While Left Democratic Front (LDF) convenor T P Ramakrishnan said his party colleague’s statements were not communal and “were meant to safeguard society from communal forces”, senior CPI(M) leader and former minister P K Sreemati said Vijayaraghavan’s comments only emphasise the party’s policy and stand. “Whatever it is… whether Hindu communalism or Muslim extremism, the CPI(M) will take a strong stand against it,” she said.

Vijayaraghavan, 68, triggered a row last week after he claimed that Rahul could not have reached Delhi (read the Lok Sabha) without the support of a “communal Muslim alliance”, and that Priyanka won Wayanad in a bypoll this year because she had “the worst extremist elements in her processions”.

Hailing from the Muslim-dominated Malappuram district, Vijayaraghavan is one of the most influential CPI(M) leaders in Kerala, seen as instrumental in the LDF winning an unprecedented second successive term in power in 2021. His wife R Bindu is the current Kerala Minister for Higher Education.

At the same time, Vijayaraghavan is no stranger to controversy or to attacks on the Congress and IUML. In 2021, he had to retract a comment calling minority communalism an extreme form of fundamentalism. The same year, he courted controversy for describing a meeting of Congress leaders with the Panakkad family – the IUML top brass – as “a bid to expand the alliance with religious fundamentalist organisations”.

Vijayaraghavan’s recent remarks, however, are in line with what other CPI(M) leaders have been saying lately.

Since the Lok Sabha polls reduced the LDF to a single seat in Kerala, the ruling CPI(M) has tried to distance itself from the pro-Muslim image it courted during the elections.
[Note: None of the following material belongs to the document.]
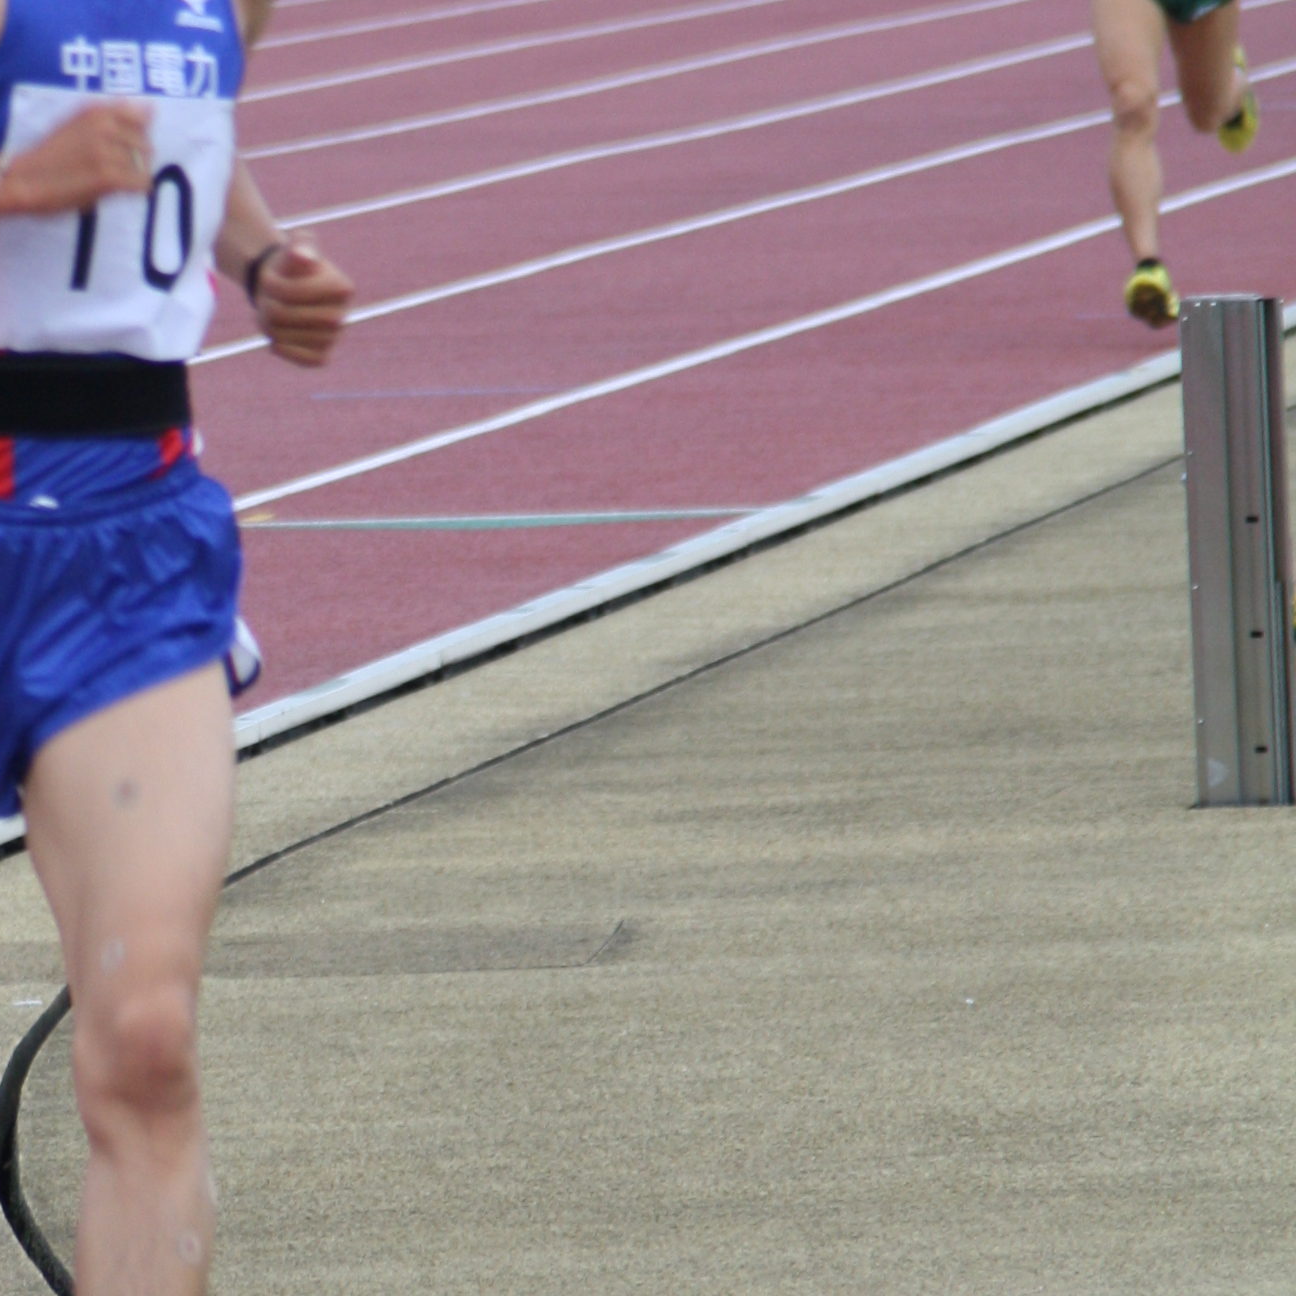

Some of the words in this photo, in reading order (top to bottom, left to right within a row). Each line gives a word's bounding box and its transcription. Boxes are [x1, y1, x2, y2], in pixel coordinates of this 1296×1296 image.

[60, 35, 219, 97] 中国電力
[69, 163, 193, 292] 10
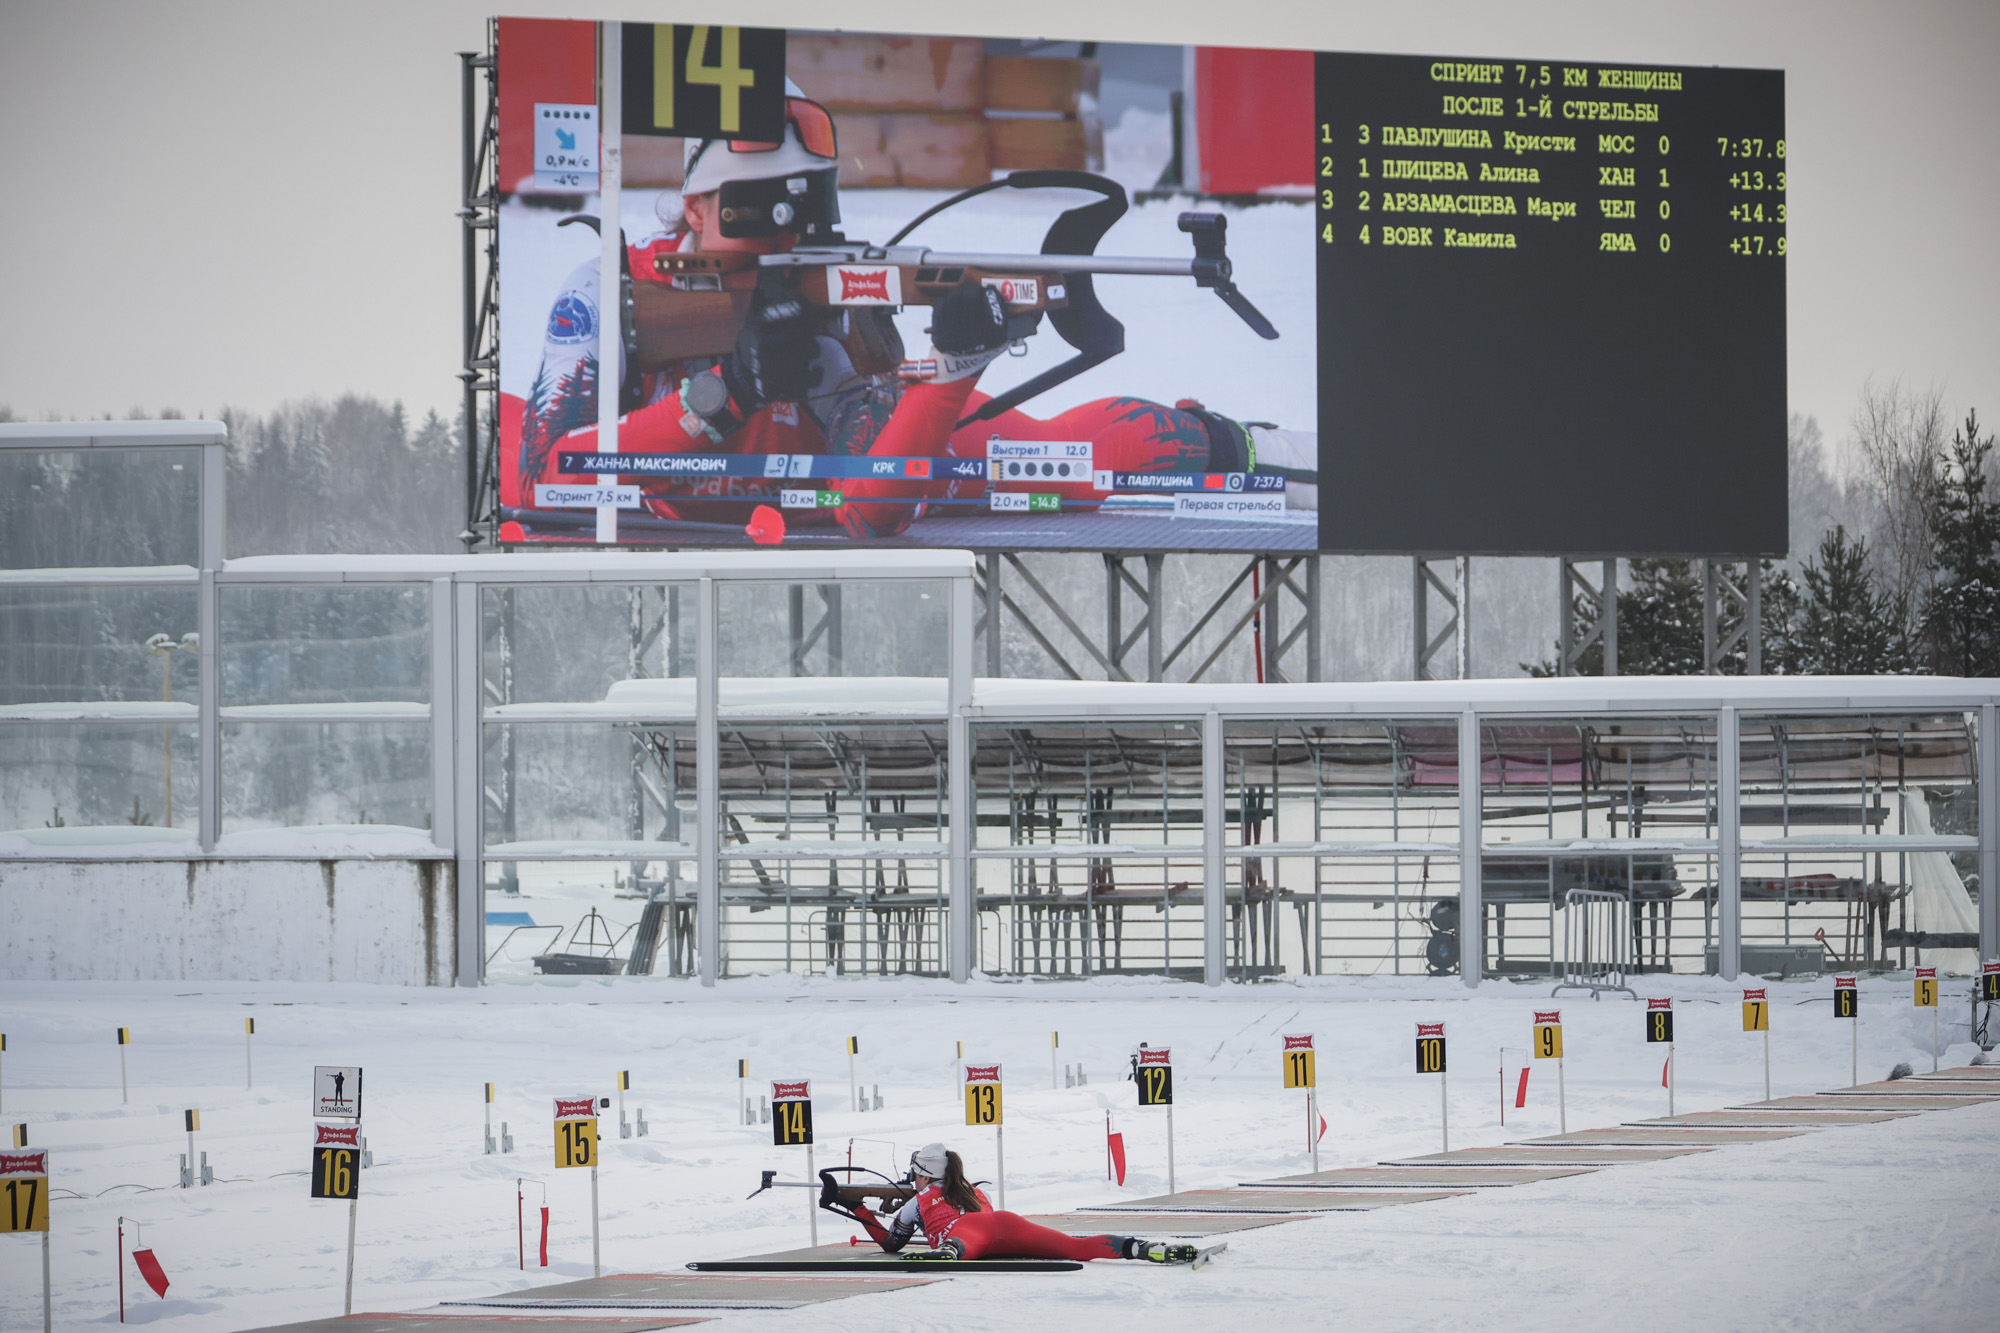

The Lok Sabha results were interpreted by it as a backlash from the Hindu community to this.

In the recent Assembly and Lok Sabha bypolls, for example, Chief Minister Pinarayi Vijayan dubbed Sadiq Ali Shihab Thangal, the state president of Congress ally IUML, as an “activist of the Jamaat-e-Islami”, and said an “extremist section” was “trying to gain influence in the IUML”.

Born to agricultural workers, Vijayaraghavan forayed into politics through the CPI(M)’s student wing, the Students’ Federation of India (SFI), and rose to its state leadership during the Emergency.

After his schooling, he took up several sundry jobs like working at hotels and bakeries to eke out a living and also briefly served in the Territorial Army before quitting to resume his education and graduating in Islamic History.

In 1989, Vijayaraghavan made a successful electoral debut from Palakkad Lok Sabha seat, after which he twice served as Rajya Sabha MP in 1999 and 2004.

However, in 2014 and this year, his bid to win the Lok Sabha polls from Kozhikode and Palakkad, respectively, was unsuccessful.

Between June 2018 and April 2022, Vijayaraghavan served as the LDF convenor and was made the acting state secretary of the party in 2020 after Kodiyeri Balakrishnan stepped down in the wake of his son Bineesh’s arrest in connection with a narcotics case.

A year after the 2021 Assembly win, the CPI(M) Party Congress held in Kannur elevated Vijayaraghavan to the Politburo. He thus became only the second CPI(M) leader from Malappuram after veteran E M S Namboodripad to be a part of the party’s highest decision-making body.